The night Case was rescued, two storms converged over Kansas City and Missouri. Thunderstorms and tornados danced together in a wild show of atmospheric intimacy and destruction. Weather reporters called it The Kissing Storm, and made jokes about social distancing which Case didn't yet understand. A lot had changed in the world since he'd been gone, so much it felt as if he truly had landed on a strange, new planet.
But first, before Case even knew things had changed, he was wheeled into an examination room. Fluorescent lights radiated off cool-dawn-colored walls, making Case squint so much he'd have crow's feet before he left the hospital. A nurse introduced herself. Commented on how scared and nervous he must feel. Confirmed he was eighteen, an adult not in need of parents or guardians.
"Can I talk to my mom?" he asked. The same question he'd been asking since the woman who'd found him hung up from calling the police.
Soon, the nurse promised. The answer he kept getting.
Instead of a phone call home, Case got a long explanation on sexual assault forensic exams. Rape kits. The nurse described to him how the examination was going to work, how she would be touching him, how she would insert things into his body. Gave him a reassuring smile, which he obediently mirrored. They smiled and nodded at each other like idiots, pleasant idiots, ignoring the ugliness of what was really happening in this ultra-bright room.

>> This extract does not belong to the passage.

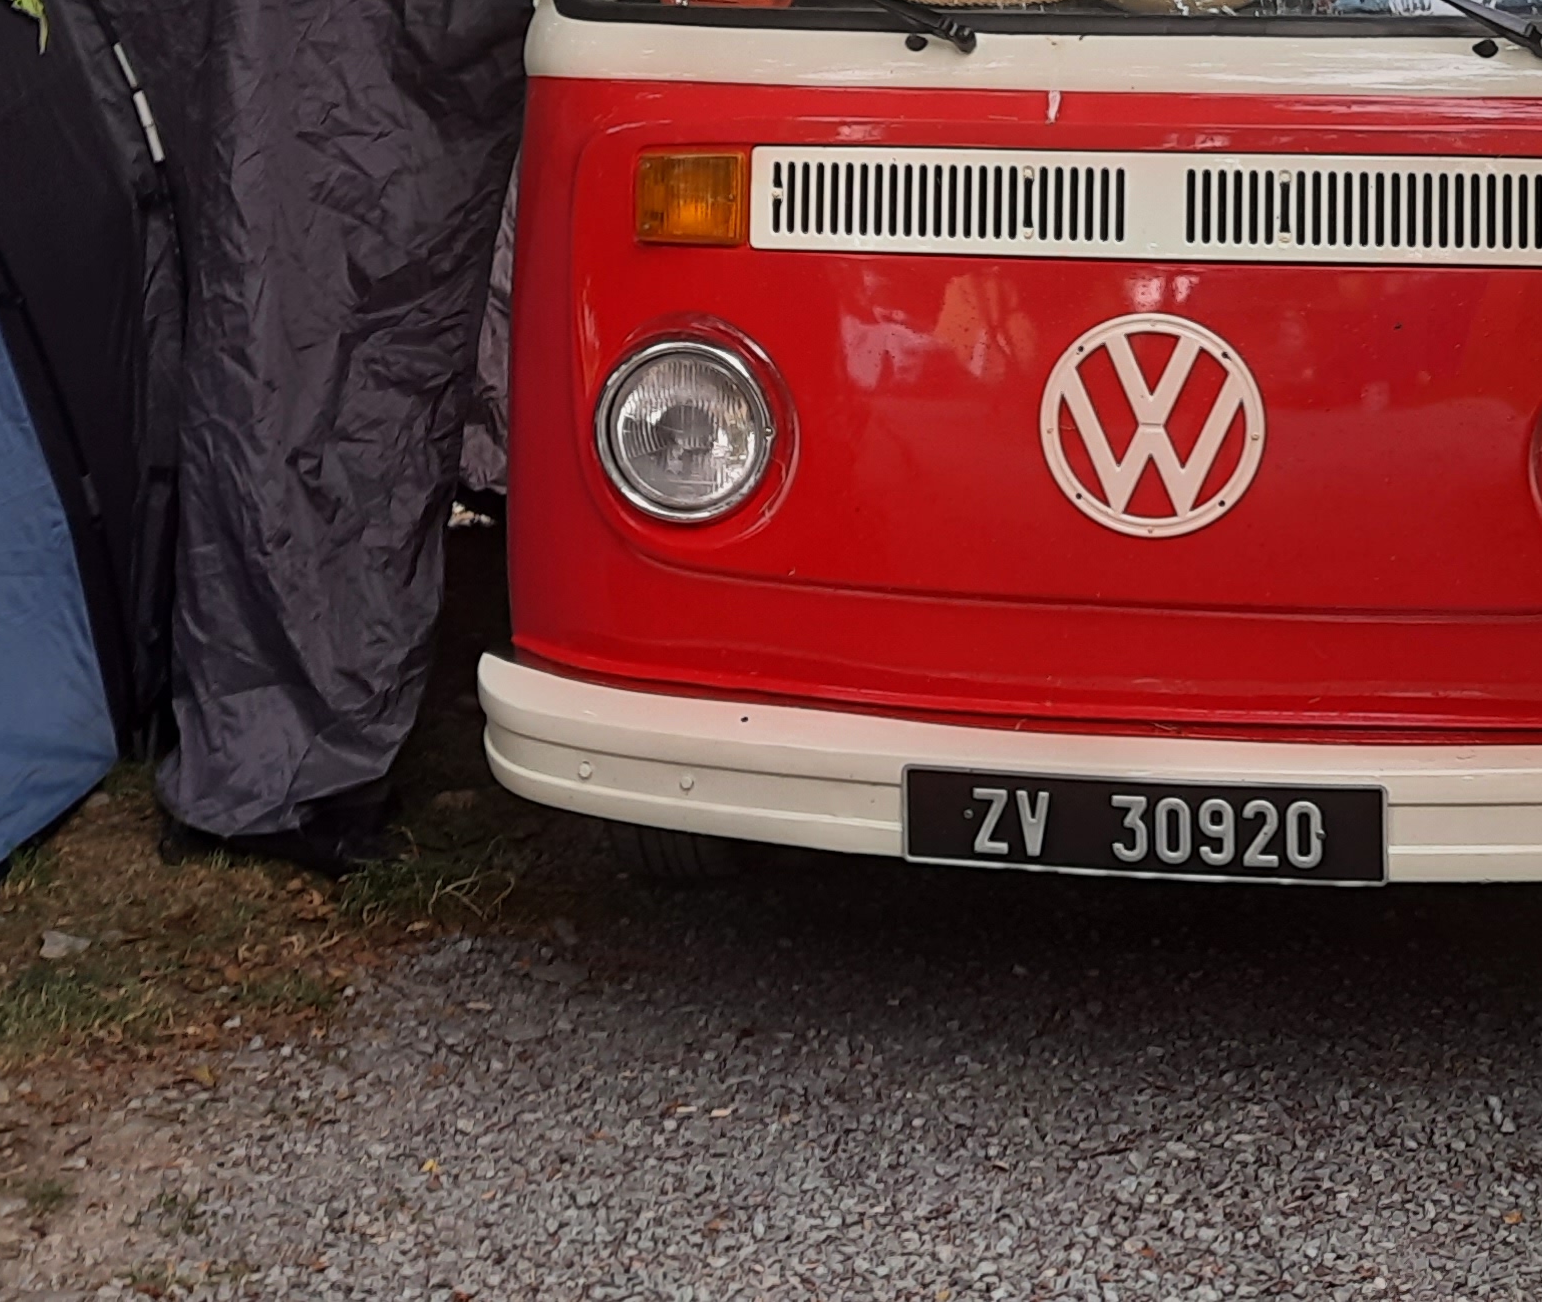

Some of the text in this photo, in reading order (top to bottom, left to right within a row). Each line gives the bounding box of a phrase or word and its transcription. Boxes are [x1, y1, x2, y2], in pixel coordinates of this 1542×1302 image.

[1051, 323, 1256, 527] VW
[972, 787, 1325, 869] ZV 30920

The nurse asked him to take off his clothes. Well-trained, expertly programmed, Case switched into autopilot-mode, his mind slipping away as he went through the motions. He handed over his dirt-streaked clothes, barely registering the blue plastic ruler the nurse held against his skin or the click and flash of the camera as she took photos. The nurse continued to excavate his body for traces of Sir. She scraped the dirt from under his nails, swabbed the bite marks on his neck, poured purple dye over his pale skin, collecting skin cells, spit and semen. Dutifully, like a child needling for praise, Case told her how he knew to scratch Sir, knew to trick his captor into defiling him with all this DNA. That was the only reason he'd let his body get so filthy, allow so many germs on him, in him. The nurse told him he was very smart, then casually changed the topic, asking him what kind of music do you like?
An analogue clock tick-tick-ticked in the background, measuring the strange jumps and pauses in time. Time, which felt both too slow and too immense. The nurse asked if he was doing alright, and he shakily asked if they could remove the clock. Apologized for being stupid, difficult—but the nurse told him not to worry, asked him if she should make sure there wasn't one in his room when they were done. We're almost done. You're doing so well, Case.
"I want my mom."
I know, the nurse crooned. Soon.
When Case shuffled into his small private ward, wearing a powder-blue gown that tied at the front to keep him fully covered, there wasn't a clock waiting for him. But there were two police officers, pens-and-paper ready to take his statement. Case may have spent the last eleven months desperate for human contact, but after the woman who found him, the paramedics who drove him in the ambulance, the sexual assault advocate who gave him a pamphlet on the long-term impact of trauma, and the nurse who'd just spent the last however many hours analyzing his naked body, he suddenly felt overwhelmed with people. Felt desperate for a moment alone, away from all the bustle and noise.
The female officer helped him into his bed, told him he's been through a huge ordeal but now it was really important he tried to remember. How stupid of her . . . the hardest part for him now was going to be forgetting. He may have escaped the basement, but Case feared he'd ever forget Sir.

YOU ARE READING
bamboo doesn't grow in dark spaces. [80K Words / Complete]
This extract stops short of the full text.